Sent from my SM-G973U using Tapatalk


----------



## bassmasterffej (Feb 4, 2020)

Awesome


----------



## Boardfeet (Sep 27, 2007)

Hmmmmmmmmmmm.
photo looks a little fishy


----------



## kingfish501 (Oct 7, 2007)

Photoshop....or else he should go see the doctor about those swollen hands.

I've caught a snook in Davenport bayou in the cast net, but it was one of the small type called a tarpon snook...it was also middle of the summer.


----------



## ST1300rider (Apr 27, 2017)

I downloaded and zoomed in on the picture. I don't see any shopping to the pic. It is a good ol fashion arm stretcher shot which I hate but it looks real.

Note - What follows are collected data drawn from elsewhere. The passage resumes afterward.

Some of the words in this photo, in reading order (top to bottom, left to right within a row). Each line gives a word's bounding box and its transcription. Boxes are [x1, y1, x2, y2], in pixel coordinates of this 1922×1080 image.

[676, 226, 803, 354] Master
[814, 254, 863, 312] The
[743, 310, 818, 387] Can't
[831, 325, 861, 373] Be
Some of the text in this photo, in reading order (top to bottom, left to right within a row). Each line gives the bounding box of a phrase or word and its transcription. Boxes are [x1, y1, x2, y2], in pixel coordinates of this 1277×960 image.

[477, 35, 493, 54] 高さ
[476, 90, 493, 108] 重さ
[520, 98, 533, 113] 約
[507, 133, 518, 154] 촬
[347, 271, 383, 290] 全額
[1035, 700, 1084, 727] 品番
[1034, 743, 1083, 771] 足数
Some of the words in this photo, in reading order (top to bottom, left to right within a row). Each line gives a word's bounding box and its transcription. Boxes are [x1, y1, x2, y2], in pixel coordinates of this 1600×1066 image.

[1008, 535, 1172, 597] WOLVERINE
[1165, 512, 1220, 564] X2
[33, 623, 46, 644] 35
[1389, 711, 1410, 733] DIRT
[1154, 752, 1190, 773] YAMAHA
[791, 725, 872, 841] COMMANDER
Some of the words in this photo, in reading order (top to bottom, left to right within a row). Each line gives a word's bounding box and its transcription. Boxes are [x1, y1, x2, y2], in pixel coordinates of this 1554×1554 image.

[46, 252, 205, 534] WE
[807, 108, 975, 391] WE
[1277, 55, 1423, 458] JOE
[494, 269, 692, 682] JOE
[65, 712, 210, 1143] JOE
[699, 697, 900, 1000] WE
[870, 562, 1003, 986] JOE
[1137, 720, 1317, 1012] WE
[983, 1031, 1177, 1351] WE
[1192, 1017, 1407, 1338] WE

I also did my own photo shopping and if his (and my) hand span is around 4.5" I can see the 33" no problem.

It would be nice if the poster could post one more picture with fish by his side.

Original finger span is 3rd from left and there are now 7 spans. 7 x 4.5 = 31.5


----------



## MackMan (Jul 8, 2012)

Not too many of those around the panhandle but they do venture up sometimes. Average temperatures are trending up so it would make sense they could find a refuge somewhere in the panhandle to survive the winter. Juvenile snook are caught in South Carolina believe it or not.


----------



## barefootangler (Sep 30, 2020)

MackMan said:


> Not too many of those around the panhandle but they do venture up sometimes. Average temperatures are trending up so it would make sense they could find a refuge somewhere in the panhandle to survive the winter. Juvenile snook are caught in South Carolina believe it or not.


That juvie snook are caught in S.C. I will believe. That the photo above is an unaltered representation of a fish caught out of a boat in Pensacola Bay, I do not.


----------



## ST1300rider (Apr 27, 2017)

No not many snook here but I see on evil FB one was caught in 2018 in Mobile bay. And it's all the ocean so things do happen like happened last week over in Destin happen.


----------



## grouper1963 (Feb 28, 2008)

That is an AMAZING video! Thank you for sharing


----------



## kingfish501 (Oct 7, 2007)

ST1300rider said:


> I downloaded and zoomed in on the picture. I don't see any shopping to the pic. It is a good ol fashion arm stretcher shot which I hate but it looks real.
> 
> I also did my own photo shopping and if his (and my) hand span is around 4.5" I can see the 33" no problem.
> 
> ...


Look at the shadow, too. Hard shadow on the right side of the angler... yet the whole fish is soft shadowed except for right at the eyes and mouth.


----------



## ShurKetch (Oct 2, 2007)

Photoshopped!


----------



## Bigwill4life (Mar 3, 2009)

If you zoom in on his glasses you can see the reflection of his brother taking the picture standing in the boat. Hope its a real pic would love to catch and eat one some day.....


----------